A Toni Cantó lo han puesto de vuelta y media un sinfín de personas conocidas y reconocidas del teatro, el cine, la televisión y los medios de comunicación por esa chorrada (la más reciente en un largo historial de chorradas que ha recitado en los últimos años) de que él no puede trabajar en Catalunya porque hace teatro en español. A lo mejor no encuentra trabajo en Catalunya porque es un vago o un actor de medio pelo, qué sé yo…

Tampoco es que necesite hacer teatro, cine o televisión en ninguna parte. Hace años decidió dedicarse a la política, y ahí nunca le faltará curro gracias a su encomiable habilidad para el chaqueterismo político y para decir digo donde dije Diego, o para mear en los caladeros donde antes pescó. Hace nueve años, cuando era diputado autonómico de UPyD, compartió en sus redes sociales un videomontaje en el que un misil impactaba contra la sede de la Radiotelevisión Valenciana; era su forma ‘sutil’ de pedir que desapareciera un ente sobre el que entonces pendía la amenaza de un ERE que iba a afectar a buena parte de una plantilla de sus 1.800 trabajadoras y trabajadores. Eso sí, olvidó decir que él se había embolsado cerca de 134.000 euros por poner su cara bonita en unos cuantos programas del otrora boyante Canal 9 valenciano.

El tema de los misiles parece que le pone al tal Cantó. En la última ofensiva criminal del ejército de Israel contra la población de Gaza tuiteó un “¡Ánimo, Israel”, con una imagen que resumía el conflicto con una imagen del lobby sionista desplegado en España en la que se veía un cielo nocturno iluminado por la trayectoria de los misiles lanzados desde Palestina y neutralizados desde Israel. Toni Cantó no se cansó esos días de retuitear los mensajes del sionismo, no tuvo tiempo ni ganas de reproducir ni una sola imagen de las cientos de muertes de civiles ni de la devastación en infraestructuras y en zonas residenciales que provocó la ofensiva de su admirado Israel.

“DE TODO EL MUNDO ES CONOCIDO QUE EL ESPAÑOL ES UNA LENGUA QUE CORRE GRAVE PELIGRO DE EXTINCIÓN EN LA COMUNIDAD DE MADRID”

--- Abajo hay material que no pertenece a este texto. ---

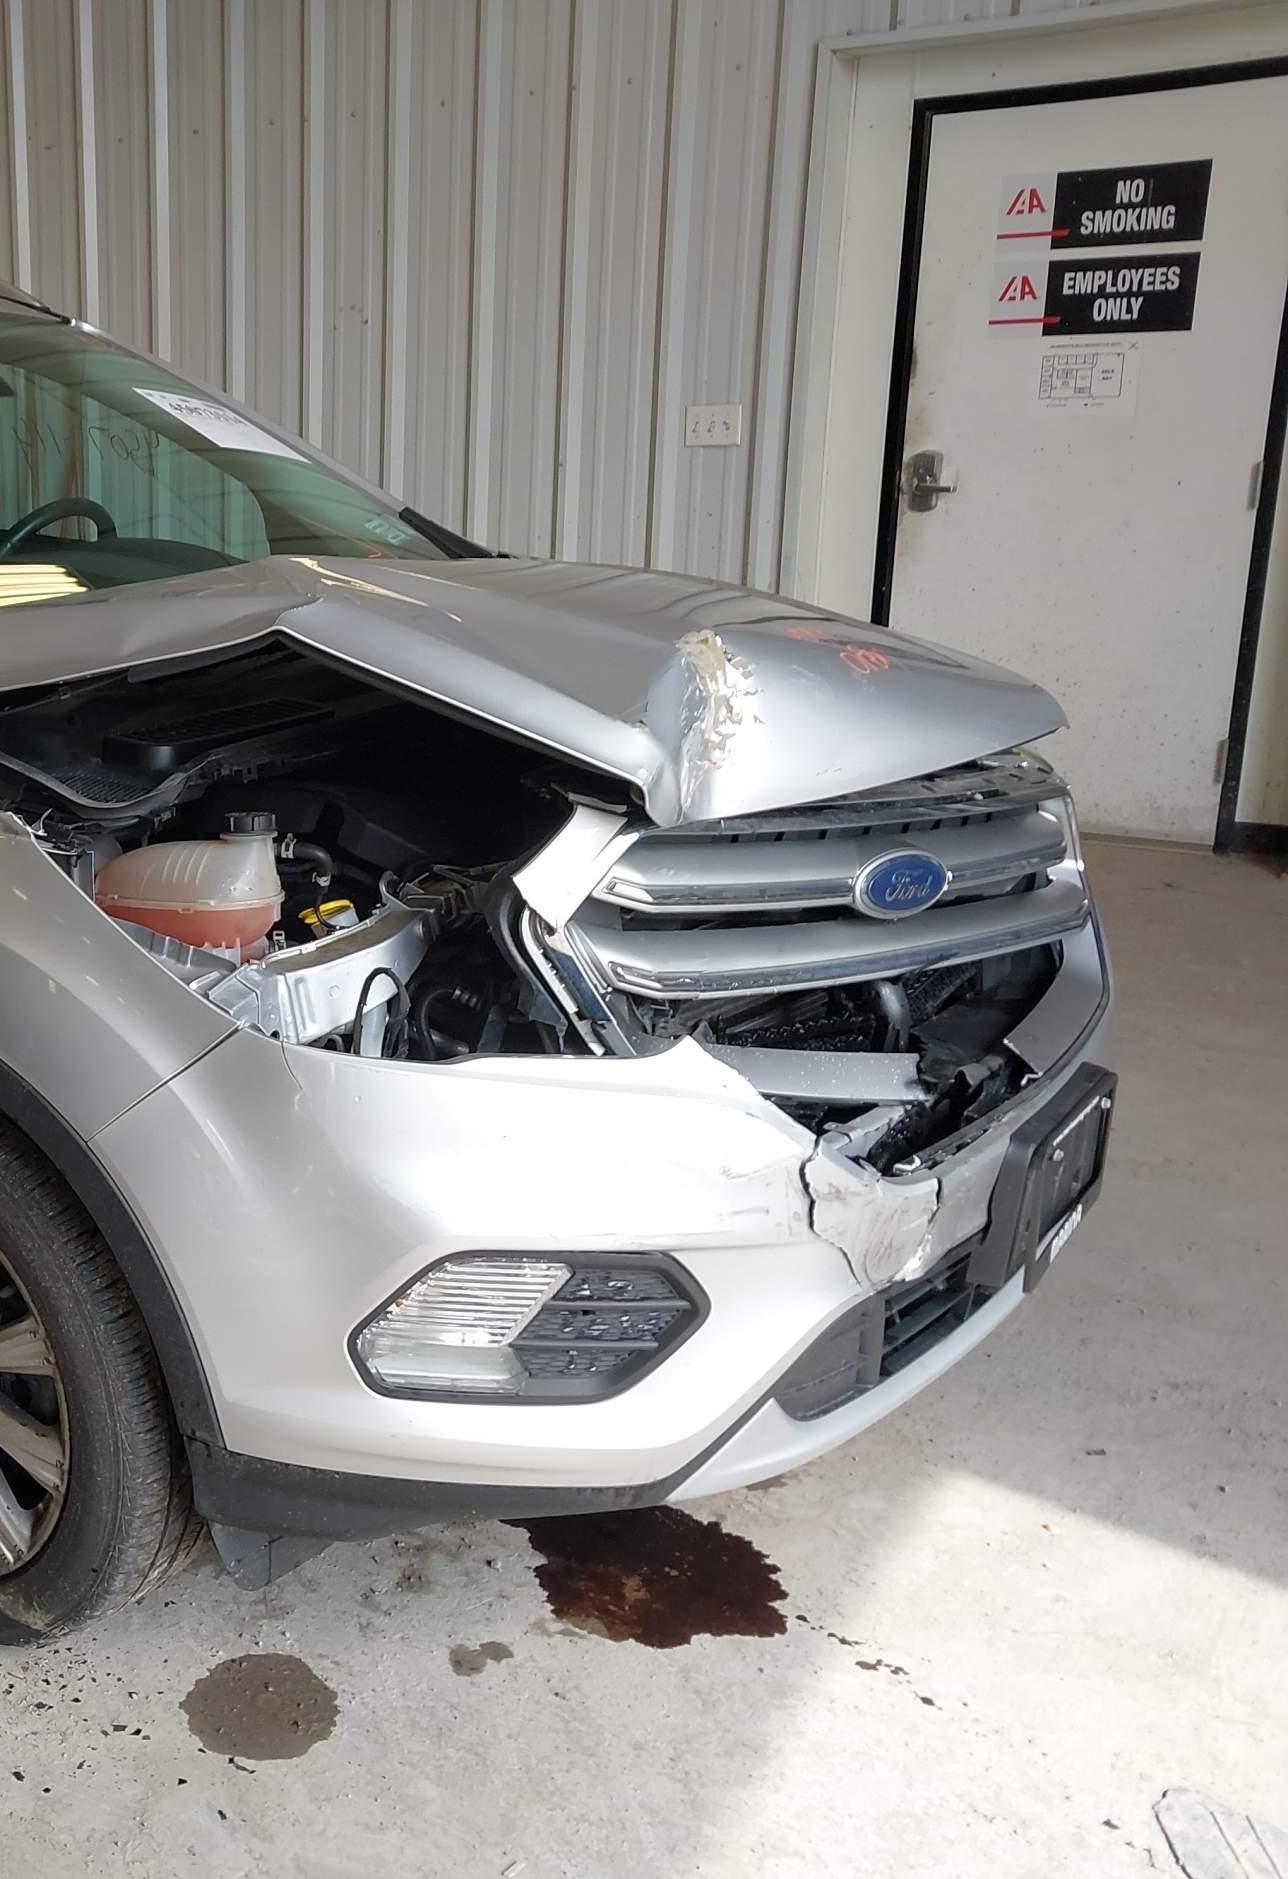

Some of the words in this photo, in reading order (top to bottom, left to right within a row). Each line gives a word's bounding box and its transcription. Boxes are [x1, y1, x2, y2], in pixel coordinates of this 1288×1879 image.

Toni Cantó también dejó para las hemerotecas esa frase de que “el cine español ha pecado de partidista”. Apuntaba con esa afirmación hacia el cine de izquierdas, claro, a pesar de que su carrera como actor de chichinabo seguramente alcanzó sus únicos momentos gloriosos con directoras y directores de izquierdas como Pilar Miró o Pedro Almodóvar. También es verdad que participó en pelis ‘de culto’ que serán motivo de análisis y admiración en los siglos venideros, como Suéltate el pelo, con Hombres G (Suéltate el pelo y luego, si quieres, el sujetador…).

También me viene a la mente, maldita memoria, cuando el entonces diputado correveydele de Rosa Díez en el Parlamento valenciano Toni Cantó salió defendiendo las corridas de toros con el argumento de que los animales no tienen derechos.

La última pirueta de Cantó le ha hecho saltar de su último barco político, que naufraga en las aguas turbulentas del españolismo sin alcanzar la costa, hacia la nave emergente del PP chulesco de Isabel Díaz Ayuso, amparado o consentido por un Pablo Casado que quiere compensar la anemia de su partido chupándole la poca sangre que le queda a Ciudadanos… A Toni Cantó lo han puesto al frente de un chiringuito que Díaz Ayuso ha tenido a bien denominar Oficina del Español, porque de todo el mundo es conocido que el español es una lengua que corre grave peligro de extinción en la Comunidad de Madrid, donde está arrinconado por el inglés que hablan los turistas, por el catalán, el euskera, el gallego y mesmamente pol asturianu, que tovía nun ye oficial pero que tamién amenaza la unidá d’España.

El caso es que Toni Cantó cobrará más o menos 75.000 euros al año por el chiringuito que le montó ad hoc Isabel Díaz Ayuso. Por cierto, el responsable de la Oficina del Español no tiene ni jodida idea del uso de las comas en lengua cervantina, lo demuestra en sus mensajes en redes sociales. Me imagino que las mete, sin criterio alguno, en la misma coctelera que su ideología, las agita y las sirve en copa fina, con un poco de hielo, porque el tipo se considera un personaje refrescante.